====== DATASET EXCERPTS

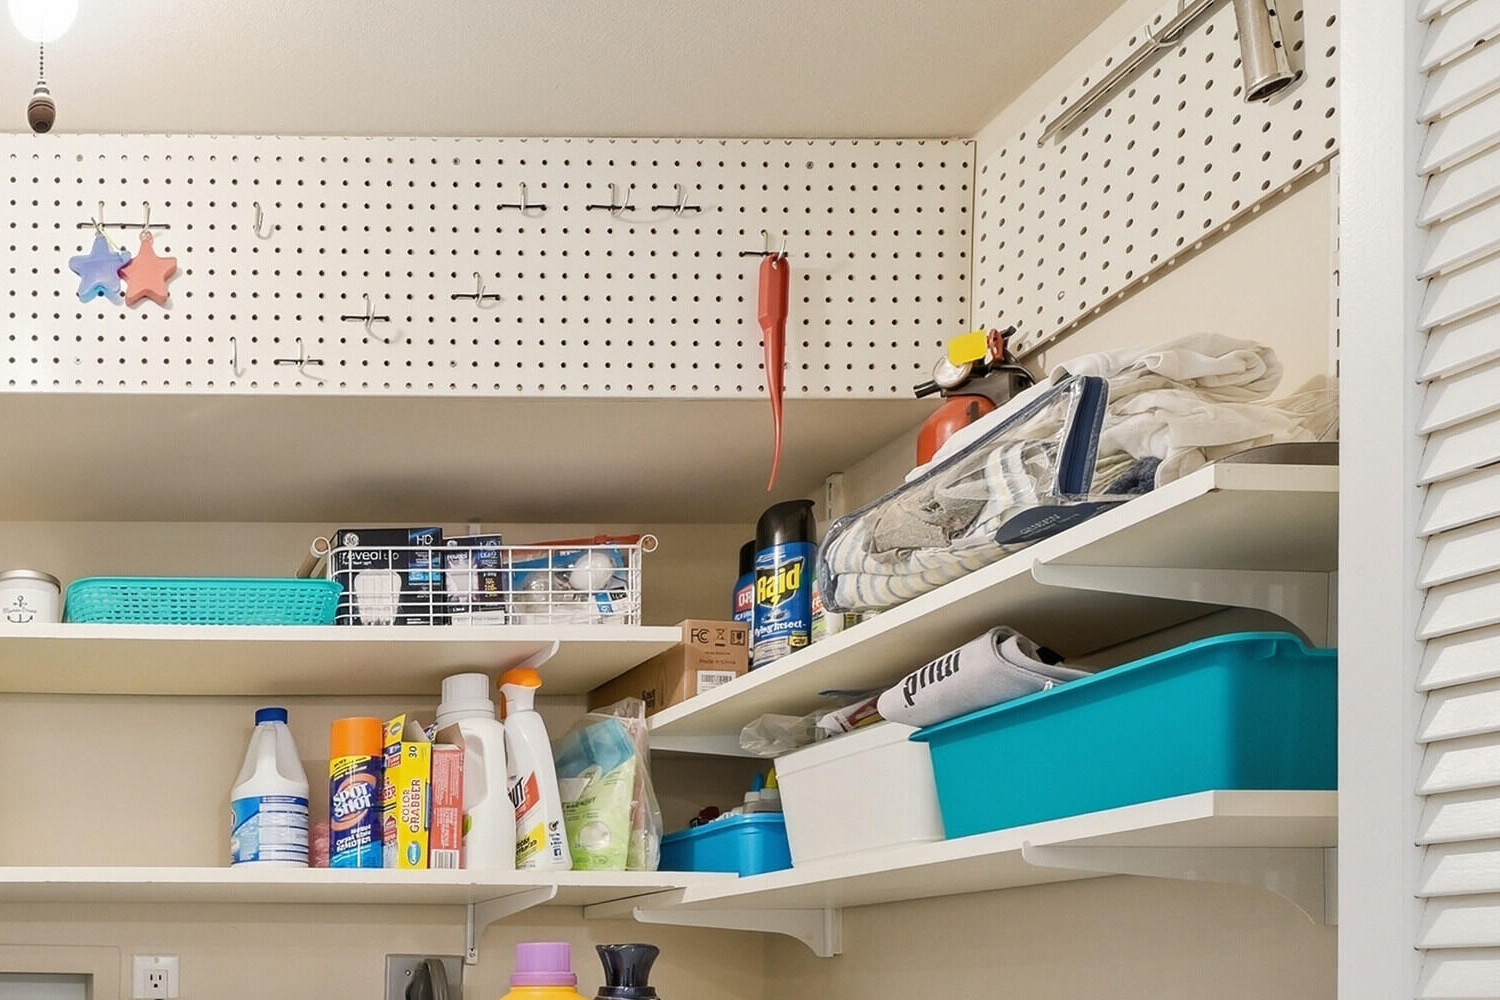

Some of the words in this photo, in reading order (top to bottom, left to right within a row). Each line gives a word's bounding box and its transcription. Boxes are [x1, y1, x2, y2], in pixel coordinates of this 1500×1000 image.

[757, 562, 802, 605] Raid
[408, 745, 418, 759] 30
[333, 782, 370, 807] SPOT
[334, 793, 373, 818] SHOT
[401, 789, 411, 823] COLOR
[409, 779, 422, 834] GRABBER
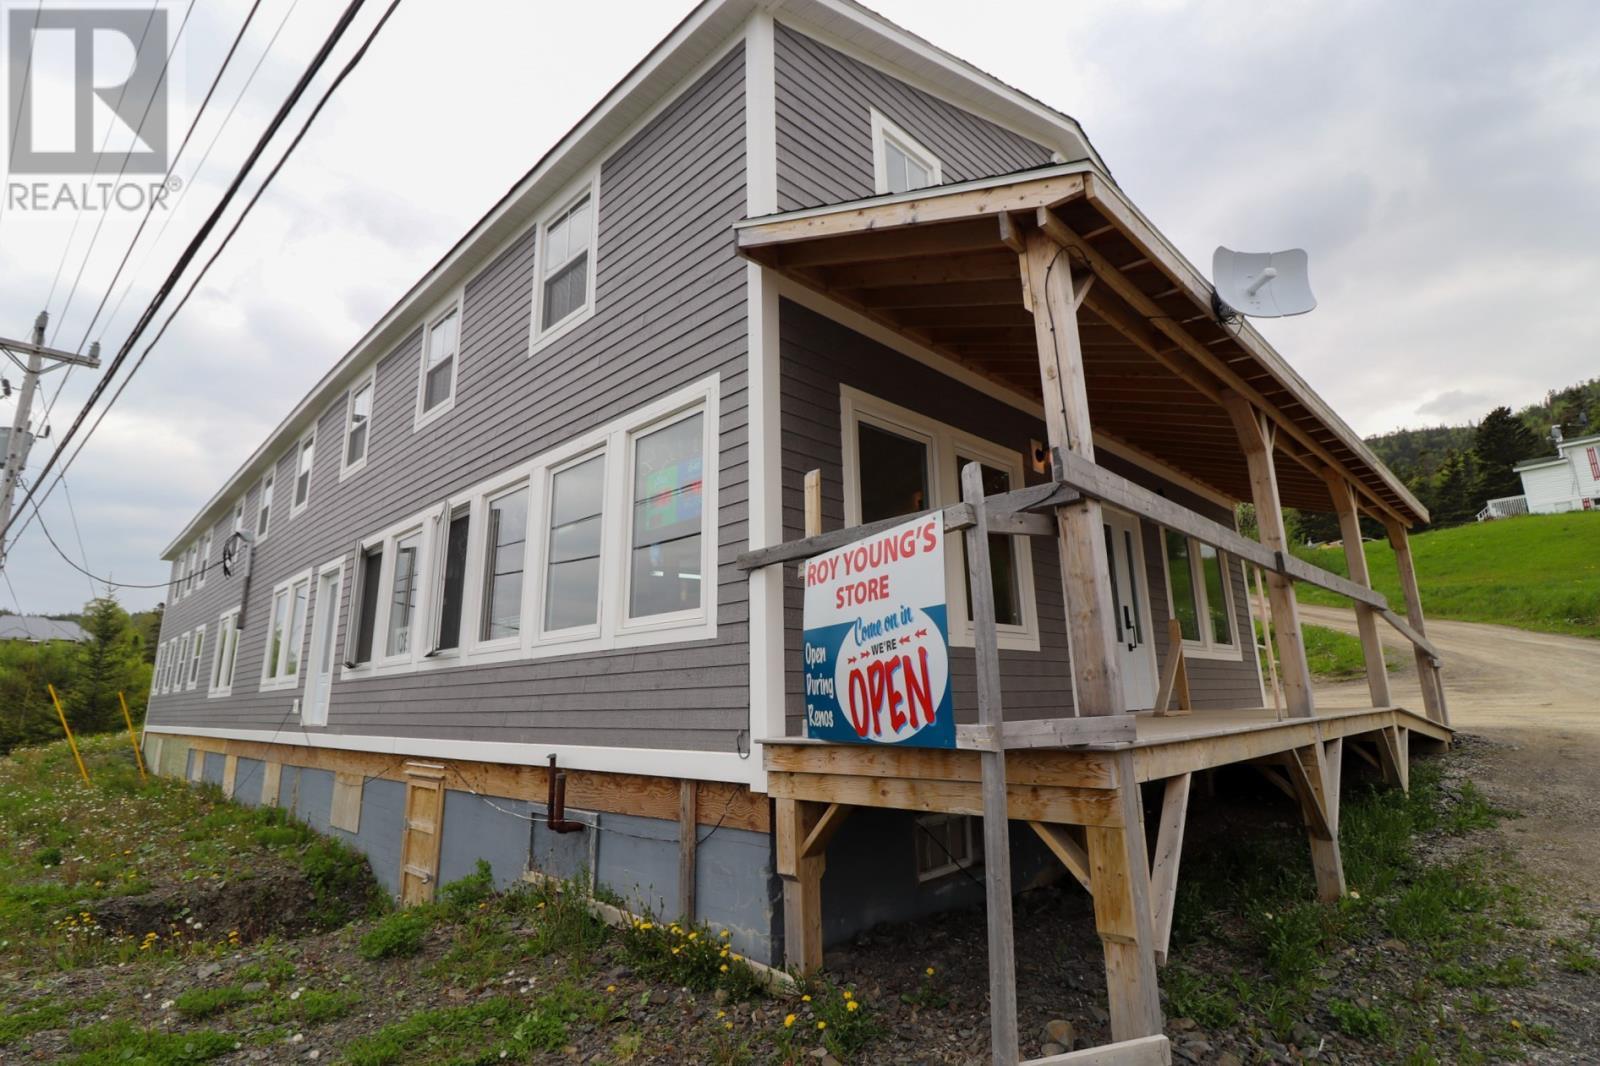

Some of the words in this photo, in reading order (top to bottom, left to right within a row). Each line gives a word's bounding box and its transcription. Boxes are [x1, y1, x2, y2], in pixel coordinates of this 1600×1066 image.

============

## ASSIGNED TASK
Using the records above, output an exact copy without any pictures.

## COMPLETED TASK
Some of the words in this photo, in reading order (top to bottom, left to right within a row). Each line gives a word's bounding box and its transcription. Boxes are [x1, y1, x2, y2], in pixel coordinates of this 1500×1000 image.

[757, 562, 802, 605] Raid
[408, 745, 418, 759] 30
[333, 782, 370, 807] SPOT
[334, 793, 373, 818] SHOT
[401, 789, 411, 823] COLOR
[409, 779, 422, 834] GRABBER

Some of the words in this photo, in reading order (top to bottom, left to right within a row). Each line gives a word's bounding box and its transcription. Boxes are [x1, y1, x2, y2], in pixel coordinates of this 1600×1066 image.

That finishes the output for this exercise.